Chikayoshi Yatomi

Extension Characteristic of an Interface Crack between Dissimilar Isotropic Elastic Material with Various Modulus Ratios

Subject to an inclined load, we obtain the energy release rate for interface cracks in an isotropic elastic material with various modulus ratios. The energy release rate is calculated by the path independent E-integral using the finite element method with a singular element. In the finite element analysis, we impose avoiding the overlap of the extended crack, which may occur in the large angle kinking. Under the maximum energy release rate criterion, we examine the extension behavior of the interface cracks.

On the Examination of the Strong Discontinuity Analysis for a Kinking Discontinuous Surface.

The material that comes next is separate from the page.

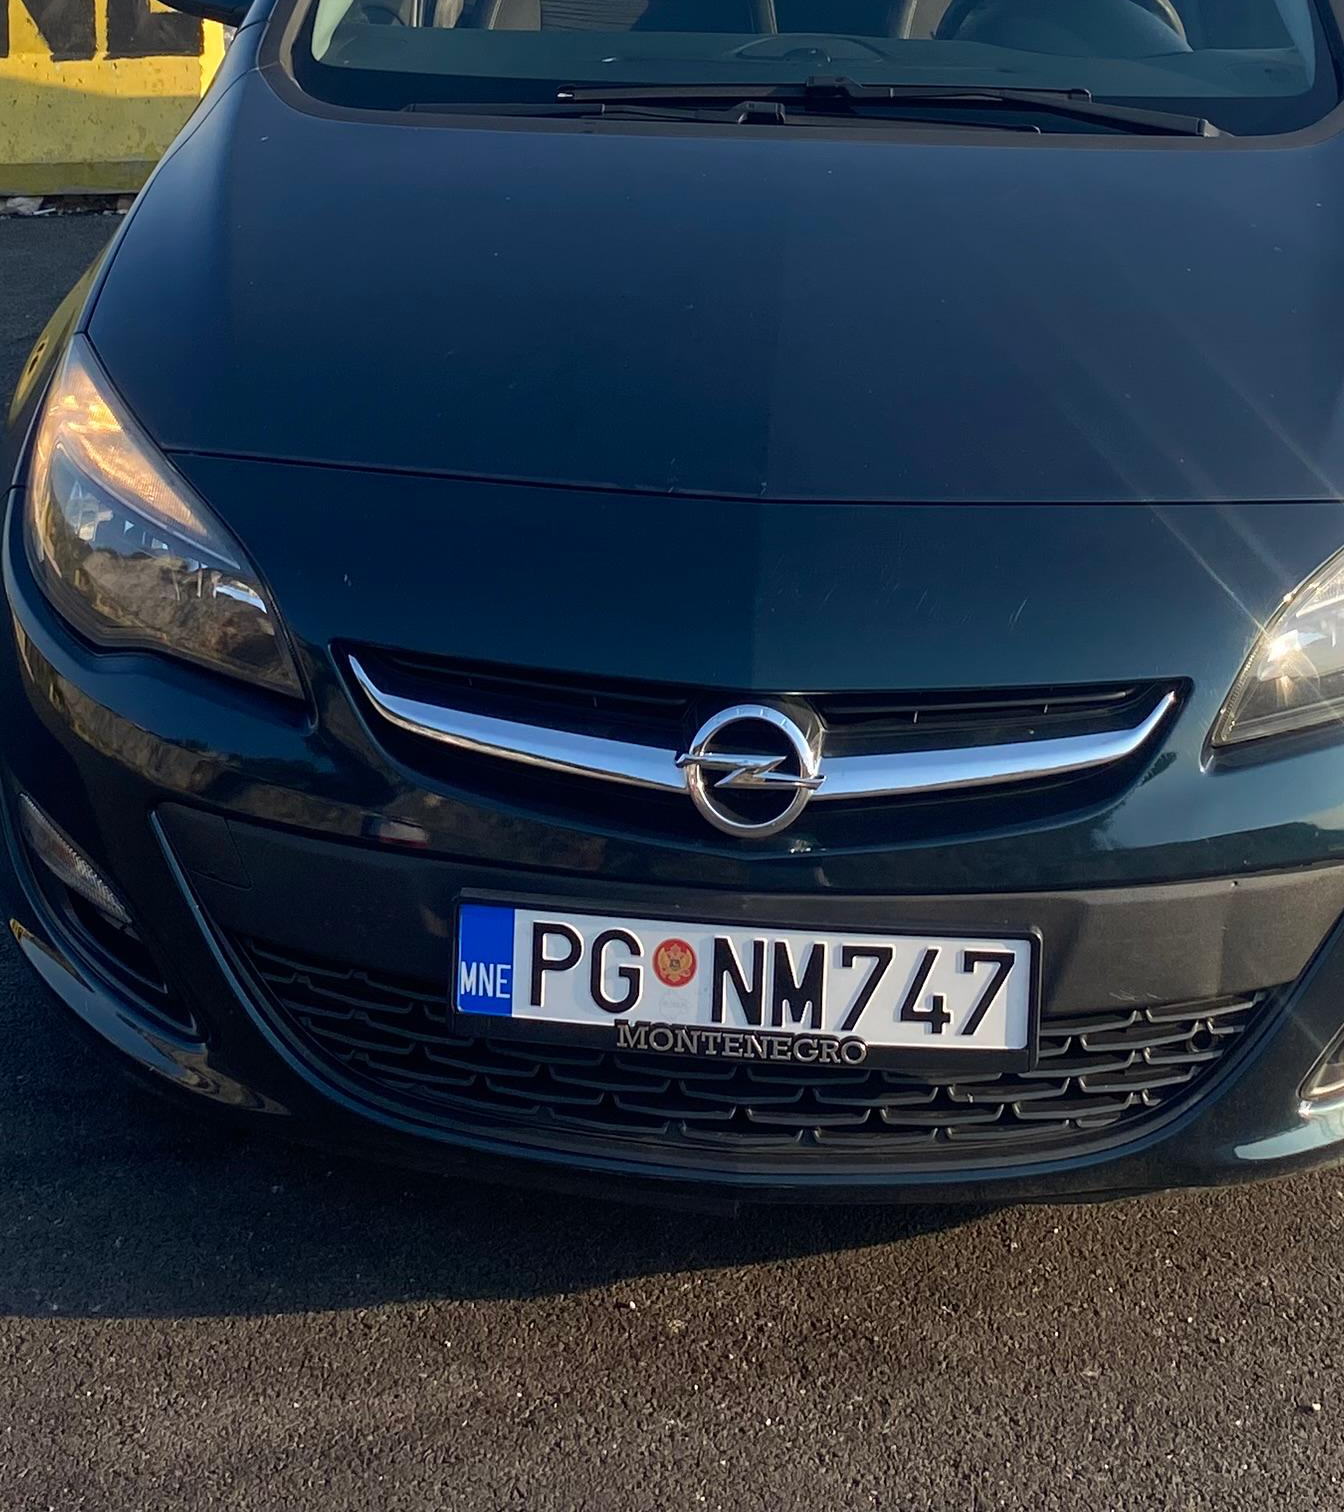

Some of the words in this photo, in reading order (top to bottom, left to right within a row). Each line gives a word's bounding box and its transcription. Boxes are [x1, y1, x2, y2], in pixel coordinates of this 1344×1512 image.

[460, 961, 512, 999] MNE
[530, 921, 642, 1014] PG
[711, 936, 1016, 1036] NM747
[616, 1023, 868, 1065] MONTENEGRO

The purpose of this paper is to examine the accuracy of the analysis of the strong discontinuity with a kinking discontinuous surface. We first examine the path independent J-integral and the E-integral formula for a damage model with a kinking cohesive region. As a result, we find that the strong discontinuity analysis based on the E-integral has a high accuracy in view of the energy release rate even when the discontinuous surface kinks.

On the Energy Release Rate of a Crack with a Parallel Interacting Crack.

In this paper, we investigate crack extension behaviors for a linear elastic body with a parallel interacting crack at the neighborhood of the main crack tip. We compute the energy release rate for all the crack tips at the onset of a main crack kinking : E integral is path independent even for a path containing a kinking crack tip and/or the interacting crack tips ; however, for such cases, the well-known J-integral is not path independent. As a result, assuming the isotropy of fracture toughness of the body and judging from the criterion based on the energy release rate, we find that there exist the relative positions of the interacting crack which promote or interrupt the straight extension of the main crack and which make the main crack jump to an extension of an interacting crack.

Numerical Analysis for the Energy Release Rate of Crack in Anisotropic Body under Combined Loadings.

For a crack in an anisotropic elastic body subjected to remote inclined load under a plane stress condition, the energy release rate at the onset of crack kinking is analyzed by numerical analysis. The analysis is based on the path-independent E-integral using the finite element method. The E-integral gives the energy release rate at the onset of crack kinking for hyperelastic bodies. The eight-noded and six-noded isoparametric finite elements are used and the integral paths lie along the sides of the finite element. The numerical integration of the E-integral formula can be evaluated directly by using the nodal forces and nodal displacements. After the path independency is examined in an isotropic elastic body subjected to the remote constant tension stress, it is shown that the results for inclined loads agree very well with the results by Wu (1978). For the anisotropic bodies, in the cases of different planes of symmetry, the energy release rate is computed first under the perpendicular loading to the carck surface and then under the inclined loading. For the former, the results agree well with the perturbation solutions by Gao and Chiu (1992). For the inclined load, the direction of the maximum energy release rate is more sensitive to the direction of loading than the direction of the plane of symmetry.